When I cooperated with Japanese people at my work (was some years ago) I (eventually) found out several of them did not speak English, and the English emails they regularly sent me are a product of an automatic translation. That explained a lot actually. It would be nice if they told me about it upfront, but I understand it may be harder for them to admit something like that. But none of those people were dumb - or dumber than any other very smart people I worked with, despite the occasional communication problems. Maybe if you understood Japanese you'd have a different impression?

On the other hand, if I would evaluate people by the content I find on the social media, I'd be forced to conclude that the vast majority of humanity are complete utter morons. I don't think it's actually true though, I think it's just how the social media works, unfortunately.

It's amusing in a post talking about translation and language prowess that you've actually made a (very common with Americans) grammatical error.

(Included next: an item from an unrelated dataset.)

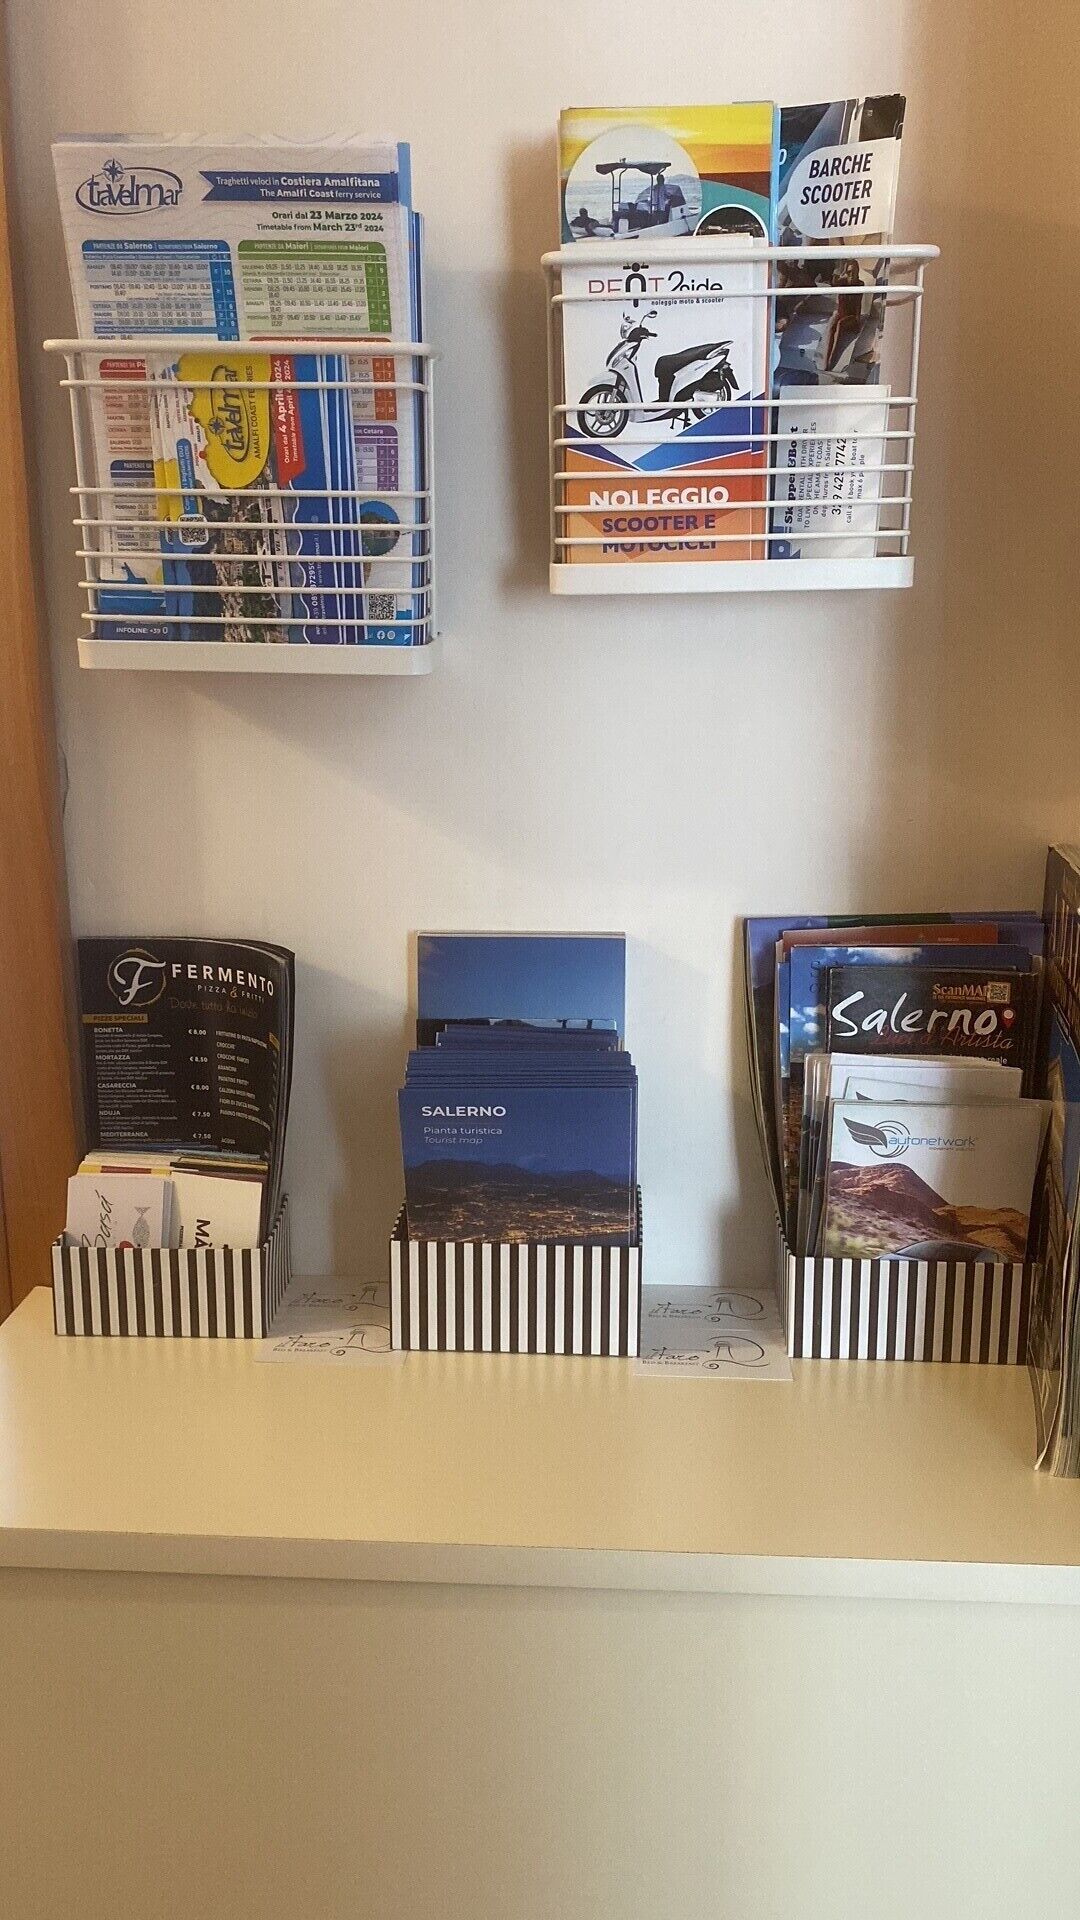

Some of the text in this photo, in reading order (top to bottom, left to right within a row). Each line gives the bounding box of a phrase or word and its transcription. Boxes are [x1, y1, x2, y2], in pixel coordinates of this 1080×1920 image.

if I would evaluate people by the content I find on the social media, I'd be forced to conclude that the vast majority of humanity are complete utter morons.

This should be either "if I evaluated" or "if I were to evaluate", since it forms a subordinate clause to the second conditional, if you're interested. Mistakes of this form are nearly guaranteed with Dutchmen, which I always find interesting because their English is otherwise near-perfect, and typically more orthodox than the average, say, Brit.

I am not a Dutchman (not that there's anything wrong with that ;), neither I am a native English speaker, so I make such mistakes regularly, especially when I tweak the phrase several times before posting and forget to re-read the whole thing and see if it still sounds like a coherent and correct phrase. I do know about that rule, in fact, by a weird coincidence, I was reading an article about it just yesterday (even though I knew it before that), but of course that means nothing. I sometimes make such mistakes even in my native language. I appreciate you pointing it out, which reminds me of the necessity of paying more attention.